Editor's note: Massive spoilers for The Last of Us and its just-released sequel The Last of Us Part II follow. Be warned.

At the climax of The Last of Us, a blockbuster 2013 video game that is superficially about a zombie-fungus apocalypse but is really about the lengths a parent will go to protect a child, you are forced to kill a doctor. This doctor is not a threat. He stands there limply, holding a scalpel, so technically he’s not unarmed — but you’ve got a gun and the gameplay has made it clear, after hours of close fighting, that your character could subdue the man peacefully if he wanted.

Video games are constructed around choice, and when I played the game for the first time, I expected one here. A lot of games, including highly ambitious ones, present you at various points with a kill-the-guy/don’t-kill-the-guy binary, allowing you to shape at least a part of your character’s morality. At this juncture of The Last of Us, however, there was nothing but a glaring lack of alternatives. The only way to move the story forward — and reach an ending in which I’d already invested 14 emotionally debilitating hours — was to murder the pleading doctor while his colleagues screamed “No!” and called me an animal.
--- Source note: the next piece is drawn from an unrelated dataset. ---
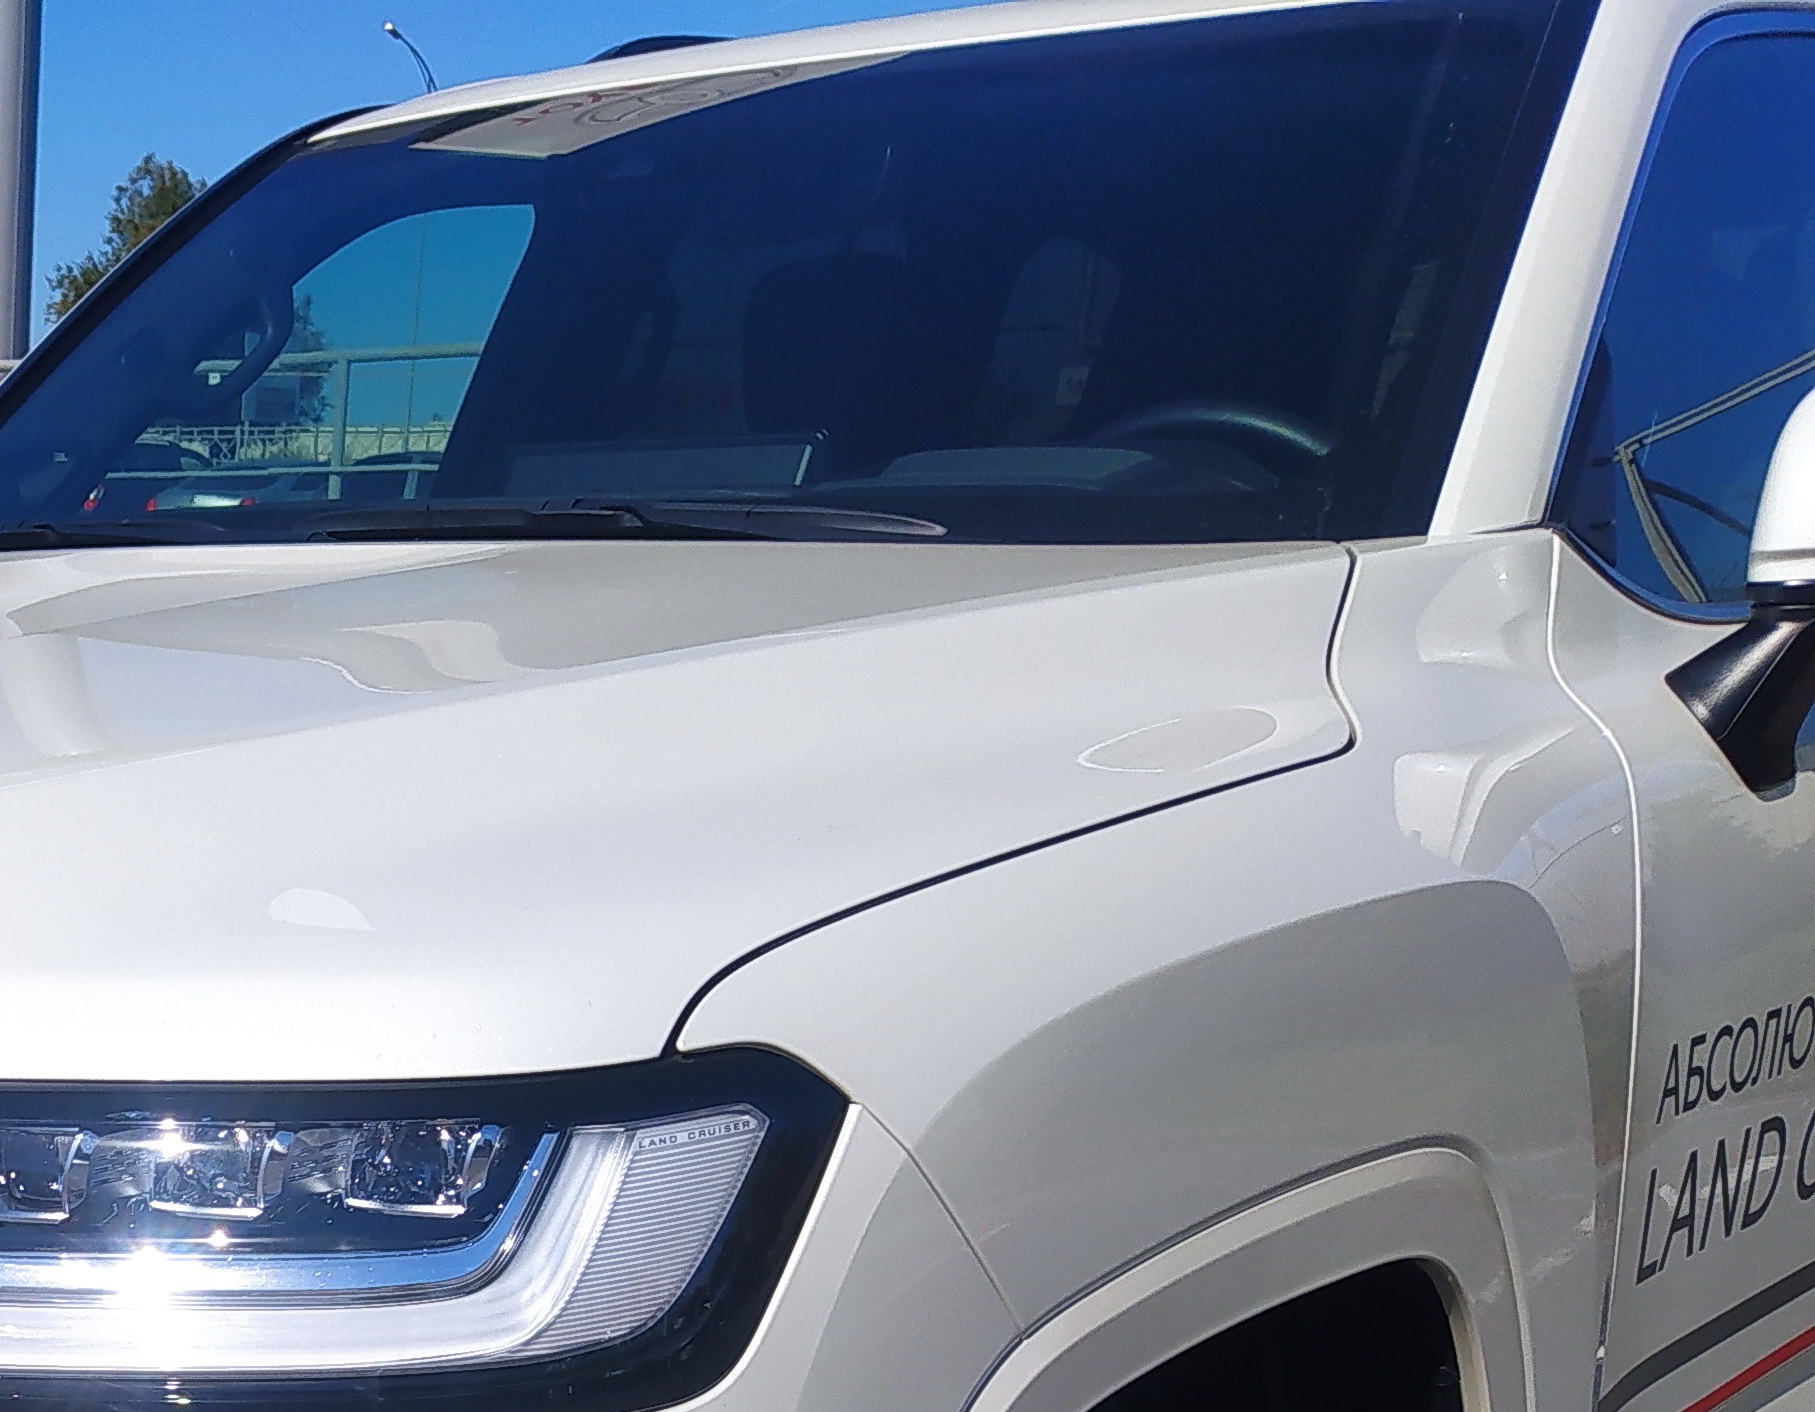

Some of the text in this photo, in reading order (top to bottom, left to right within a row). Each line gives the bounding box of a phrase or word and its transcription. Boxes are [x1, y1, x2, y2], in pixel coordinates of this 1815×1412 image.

The sequence helped establish The Last of Us as one of the most successful games in the medium’s history, a high-water mark of both artistic achievement and commercial viability. The title sold more than 17 million copies, won numerous Game of the Year awards, and is being developed into an HBO series.

Now, seven years later, a sequel debuted under a staggering load of expectations. The Last of Us Part II went on sale on Friday, needing to meet critics’ high standards and appeal to an audience broad enough to recoup hundreds of millions of dollars in production costs. If the game succeeds, it would help establish The Last of Us as an enduring and lucrative pop culture franchise.

For Naughty Dog, the Sony-owned studio behind the series, the safe thing to do from a financial standpoint would have been to continue the first game’s story in a predictable way that kept fans happy, as the makers of Marvel and Star Wars movies have done so profitably. But The Last of Us Part II does nothing of the sort.

(Warning: Stop reading here if you want to know nothing about its plot.)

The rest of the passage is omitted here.